(Provided data begins)
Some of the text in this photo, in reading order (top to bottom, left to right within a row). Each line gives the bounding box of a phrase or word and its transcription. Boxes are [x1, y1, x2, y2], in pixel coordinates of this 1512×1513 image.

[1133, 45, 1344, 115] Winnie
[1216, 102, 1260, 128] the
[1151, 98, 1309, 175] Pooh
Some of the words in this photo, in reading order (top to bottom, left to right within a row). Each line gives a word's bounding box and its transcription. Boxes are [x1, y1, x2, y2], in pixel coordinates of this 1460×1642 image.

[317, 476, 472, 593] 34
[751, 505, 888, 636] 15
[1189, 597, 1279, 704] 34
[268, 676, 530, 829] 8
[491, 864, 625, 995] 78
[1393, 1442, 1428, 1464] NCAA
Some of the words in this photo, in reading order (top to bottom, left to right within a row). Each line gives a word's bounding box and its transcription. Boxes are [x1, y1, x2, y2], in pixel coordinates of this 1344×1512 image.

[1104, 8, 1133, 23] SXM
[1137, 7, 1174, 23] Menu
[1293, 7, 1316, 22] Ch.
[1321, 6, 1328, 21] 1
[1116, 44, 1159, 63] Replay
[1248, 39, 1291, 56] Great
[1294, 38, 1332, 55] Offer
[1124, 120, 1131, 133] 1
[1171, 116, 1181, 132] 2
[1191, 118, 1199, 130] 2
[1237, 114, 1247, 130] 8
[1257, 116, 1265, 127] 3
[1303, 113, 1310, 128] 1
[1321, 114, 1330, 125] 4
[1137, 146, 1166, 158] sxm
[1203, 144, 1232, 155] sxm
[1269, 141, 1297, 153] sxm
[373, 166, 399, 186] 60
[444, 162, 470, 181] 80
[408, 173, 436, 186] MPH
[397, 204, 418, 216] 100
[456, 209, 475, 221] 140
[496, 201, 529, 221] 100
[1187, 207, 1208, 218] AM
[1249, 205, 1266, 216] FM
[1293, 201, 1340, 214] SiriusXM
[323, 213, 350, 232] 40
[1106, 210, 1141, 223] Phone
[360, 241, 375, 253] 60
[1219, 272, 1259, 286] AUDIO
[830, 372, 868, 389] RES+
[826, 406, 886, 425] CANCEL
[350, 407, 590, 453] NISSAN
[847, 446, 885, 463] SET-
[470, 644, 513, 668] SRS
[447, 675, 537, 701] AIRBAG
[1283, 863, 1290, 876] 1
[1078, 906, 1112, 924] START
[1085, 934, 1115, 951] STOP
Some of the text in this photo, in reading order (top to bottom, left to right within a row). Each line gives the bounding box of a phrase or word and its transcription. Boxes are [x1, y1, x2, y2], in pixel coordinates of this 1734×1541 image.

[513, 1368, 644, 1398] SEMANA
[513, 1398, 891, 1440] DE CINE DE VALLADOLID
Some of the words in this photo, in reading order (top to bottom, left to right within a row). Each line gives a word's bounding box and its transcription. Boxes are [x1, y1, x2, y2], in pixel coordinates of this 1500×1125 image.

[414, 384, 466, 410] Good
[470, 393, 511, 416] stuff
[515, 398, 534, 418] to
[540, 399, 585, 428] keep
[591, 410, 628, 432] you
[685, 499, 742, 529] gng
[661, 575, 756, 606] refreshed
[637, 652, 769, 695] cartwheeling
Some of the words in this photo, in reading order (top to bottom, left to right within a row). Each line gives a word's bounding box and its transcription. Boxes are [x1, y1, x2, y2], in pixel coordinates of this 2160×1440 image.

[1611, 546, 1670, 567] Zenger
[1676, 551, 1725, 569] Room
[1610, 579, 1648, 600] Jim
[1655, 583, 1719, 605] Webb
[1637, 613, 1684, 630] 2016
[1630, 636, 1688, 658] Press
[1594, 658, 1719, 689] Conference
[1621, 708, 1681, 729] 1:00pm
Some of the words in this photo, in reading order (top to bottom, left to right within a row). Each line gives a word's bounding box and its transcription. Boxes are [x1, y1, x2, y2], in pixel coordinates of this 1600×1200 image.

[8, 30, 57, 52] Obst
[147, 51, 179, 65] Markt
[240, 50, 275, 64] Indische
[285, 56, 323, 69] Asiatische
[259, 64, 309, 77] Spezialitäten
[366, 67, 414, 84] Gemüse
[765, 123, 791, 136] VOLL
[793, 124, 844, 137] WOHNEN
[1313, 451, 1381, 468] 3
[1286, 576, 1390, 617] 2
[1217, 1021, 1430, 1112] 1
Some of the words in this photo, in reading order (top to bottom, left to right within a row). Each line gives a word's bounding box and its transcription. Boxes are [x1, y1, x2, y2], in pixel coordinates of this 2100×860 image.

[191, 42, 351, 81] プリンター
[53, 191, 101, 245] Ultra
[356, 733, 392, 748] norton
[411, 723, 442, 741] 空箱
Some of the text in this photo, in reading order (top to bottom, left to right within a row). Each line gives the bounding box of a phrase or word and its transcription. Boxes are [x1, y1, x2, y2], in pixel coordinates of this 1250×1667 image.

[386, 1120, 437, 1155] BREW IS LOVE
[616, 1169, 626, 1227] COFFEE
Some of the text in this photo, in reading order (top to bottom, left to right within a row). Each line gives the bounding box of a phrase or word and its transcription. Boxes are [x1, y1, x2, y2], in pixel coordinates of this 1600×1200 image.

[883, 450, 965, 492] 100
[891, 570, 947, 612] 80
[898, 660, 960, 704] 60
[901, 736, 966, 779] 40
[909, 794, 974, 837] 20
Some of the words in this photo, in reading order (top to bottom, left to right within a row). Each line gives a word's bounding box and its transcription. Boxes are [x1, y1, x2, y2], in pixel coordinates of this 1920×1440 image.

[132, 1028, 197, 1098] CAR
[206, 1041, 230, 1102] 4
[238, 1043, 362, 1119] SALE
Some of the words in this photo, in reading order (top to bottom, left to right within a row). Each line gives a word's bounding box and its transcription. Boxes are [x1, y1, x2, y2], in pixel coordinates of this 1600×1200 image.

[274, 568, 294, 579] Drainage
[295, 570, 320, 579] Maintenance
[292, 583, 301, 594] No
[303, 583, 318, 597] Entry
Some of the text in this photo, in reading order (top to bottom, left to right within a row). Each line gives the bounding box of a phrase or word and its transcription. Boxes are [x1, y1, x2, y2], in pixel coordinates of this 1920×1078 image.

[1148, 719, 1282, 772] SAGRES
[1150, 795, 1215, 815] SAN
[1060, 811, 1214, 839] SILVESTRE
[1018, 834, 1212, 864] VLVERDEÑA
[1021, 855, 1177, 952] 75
(Provided data ends)
# Work item:
Each record must be returned in full and exactly.

# Task response:
Some of the text in this photo, in reading order (top to bottom, left to right within a row). Each line gives the bounding box of a phrase or word and its transcription. Boxes are [x1, y1, x2, y2], in pixel coordinates of this 1512×1513 image.

[1133, 45, 1344, 115] Winnie
[1216, 102, 1260, 128] the
[1151, 98, 1309, 175] Pooh
Some of the words in this photo, in reading order (top to bottom, left to right within a row). Each line gives a word's bounding box and its transcription. Boxes are [x1, y1, x2, y2], in pixel coordinates of this 1460×1642 image.

[317, 476, 472, 593] 34
[751, 505, 888, 636] 15
[1189, 597, 1279, 704] 34
[268, 676, 530, 829] 8
[491, 864, 625, 995] 78
[1393, 1442, 1428, 1464] NCAA
Some of the words in this photo, in reading order (top to bottom, left to right within a row). Each line gives a word's bounding box and its transcription. Boxes are [x1, y1, x2, y2], in pixel coordinates of this 1344×1512 image.

[1104, 8, 1133, 23] SXM
[1137, 7, 1174, 23] Menu
[1293, 7, 1316, 22] Ch.
[1321, 6, 1328, 21] 1
[1116, 44, 1159, 63] Replay
[1248, 39, 1291, 56] Great
[1294, 38, 1332, 55] Offer
[1124, 120, 1131, 133] 1
[1171, 116, 1181, 132] 2
[1191, 118, 1199, 130] 2
[1237, 114, 1247, 130] 8
[1257, 116, 1265, 127] 3
[1303, 113, 1310, 128] 1
[1321, 114, 1330, 125] 4
[1137, 146, 1166, 158] sxm
[1203, 144, 1232, 155] sxm
[1269, 141, 1297, 153] sxm
[373, 166, 399, 186] 60
[444, 162, 470, 181] 80
[408, 173, 436, 186] MPH
[397, 204, 418, 216] 100
[456, 209, 475, 221] 140
[496, 201, 529, 221] 100
[1187, 207, 1208, 218] AM
[1249, 205, 1266, 216] FM
[1293, 201, 1340, 214] SiriusXM
[323, 213, 350, 232] 40
[1106, 210, 1141, 223] Phone
[360, 241, 375, 253] 60
[1219, 272, 1259, 286] AUDIO
[830, 372, 868, 389] RES+
[826, 406, 886, 425] CANCEL
[350, 407, 590, 453] NISSAN
[847, 446, 885, 463] SET-
[470, 644, 513, 668] SRS
[447, 675, 537, 701] AIRBAG
[1283, 863, 1290, 876] 1
[1078, 906, 1112, 924] START
[1085, 934, 1115, 951] STOP
Some of the text in this photo, in reading order (top to bottom, left to right within a row). Each line gives the bounding box of a phrase or word and its transcription. Boxes are [x1, y1, x2, y2], in pixel coordinates of this 1734×1541 image.

[513, 1368, 644, 1398] SEMANA
[513, 1398, 891, 1440] DE CINE DE VALLADOLID
Some of the words in this photo, in reading order (top to bottom, left to right within a row). Each line gives a word's bounding box and its transcription. Boxes are [x1, y1, x2, y2], in pixel coordinates of this 1500×1125 image.

[414, 384, 466, 410] Good
[470, 393, 511, 416] stuff
[515, 398, 534, 418] to
[540, 399, 585, 428] keep
[591, 410, 628, 432] you
[685, 499, 742, 529] gng
[661, 575, 756, 606] refreshed
[637, 652, 769, 695] cartwheeling
Some of the words in this photo, in reading order (top to bottom, left to right within a row). Each line gives a word's bounding box and its transcription. Boxes are [x1, y1, x2, y2], in pixel coordinates of this 2160×1440 image.

[1611, 546, 1670, 567] Zenger
[1676, 551, 1725, 569] Room
[1610, 579, 1648, 600] Jim
[1655, 583, 1719, 605] Webb
[1637, 613, 1684, 630] 2016
[1630, 636, 1688, 658] Press
[1594, 658, 1719, 689] Conference
[1621, 708, 1681, 729] 1:00pm
Some of the words in this photo, in reading order (top to bottom, left to right within a row). Each line gives a word's bounding box and its transcription. Boxes are [x1, y1, x2, y2], in pixel coordinates of this 1600×1200 image.

[8, 30, 57, 52] Obst
[147, 51, 179, 65] Markt
[240, 50, 275, 64] Indische
[285, 56, 323, 69] Asiatische
[259, 64, 309, 77] Spezialitäten
[366, 67, 414, 84] Gemüse
[765, 123, 791, 136] VOLL
[793, 124, 844, 137] WOHNEN
[1313, 451, 1381, 468] 3
[1286, 576, 1390, 617] 2
[1217, 1021, 1430, 1112] 1
Some of the words in this photo, in reading order (top to bottom, left to right within a row). Each line gives a word's bounding box and its transcription. Boxes are [x1, y1, x2, y2], in pixel coordinates of this 2100×860 image.

[191, 42, 351, 81] プリンター
[53, 191, 101, 245] Ultra
[356, 733, 392, 748] norton
[411, 723, 442, 741] 空箱
Some of the text in this photo, in reading order (top to bottom, left to right within a row). Each line gives the bounding box of a phrase or word and its transcription. Boxes are [x1, y1, x2, y2], in pixel coordinates of this 1250×1667 image.

[386, 1120, 437, 1155] BREW IS LOVE
[616, 1169, 626, 1227] COFFEE
Some of the text in this photo, in reading order (top to bottom, left to right within a row). Each line gives the bounding box of a phrase or word and its transcription. Boxes are [x1, y1, x2, y2], in pixel coordinates of this 1600×1200 image.

[883, 450, 965, 492] 100
[891, 570, 947, 612] 80
[898, 660, 960, 704] 60
[901, 736, 966, 779] 40
[909, 794, 974, 837] 20
Some of the words in this photo, in reading order (top to bottom, left to right within a row). Each line gives a word's bounding box and its transcription. Boxes are [x1, y1, x2, y2], in pixel coordinates of this 1920×1440 image.

[132, 1028, 197, 1098] CAR
[206, 1041, 230, 1102] 4
[238, 1043, 362, 1119] SALE
Some of the words in this photo, in reading order (top to bottom, left to right within a row). Each line gives a word's bounding box and its transcription. Boxes are [x1, y1, x2, y2], in pixel coordinates of this 1600×1200 image.

[274, 568, 294, 579] Drainage
[295, 570, 320, 579] Maintenance
[292, 583, 301, 594] No
[303, 583, 318, 597] Entry
Some of the text in this photo, in reading order (top to bottom, left to right within a row). Each line gives the bounding box of a phrase or word and its transcription. Boxes are [x1, y1, x2, y2], in pixel coordinates of this 1920×1078 image.

[1148, 719, 1282, 772] SAGRES
[1150, 795, 1215, 815] SAN
[1060, 811, 1214, 839] SILVESTRE
[1018, 834, 1212, 864] VLVERDEÑA
[1021, 855, 1177, 952] 75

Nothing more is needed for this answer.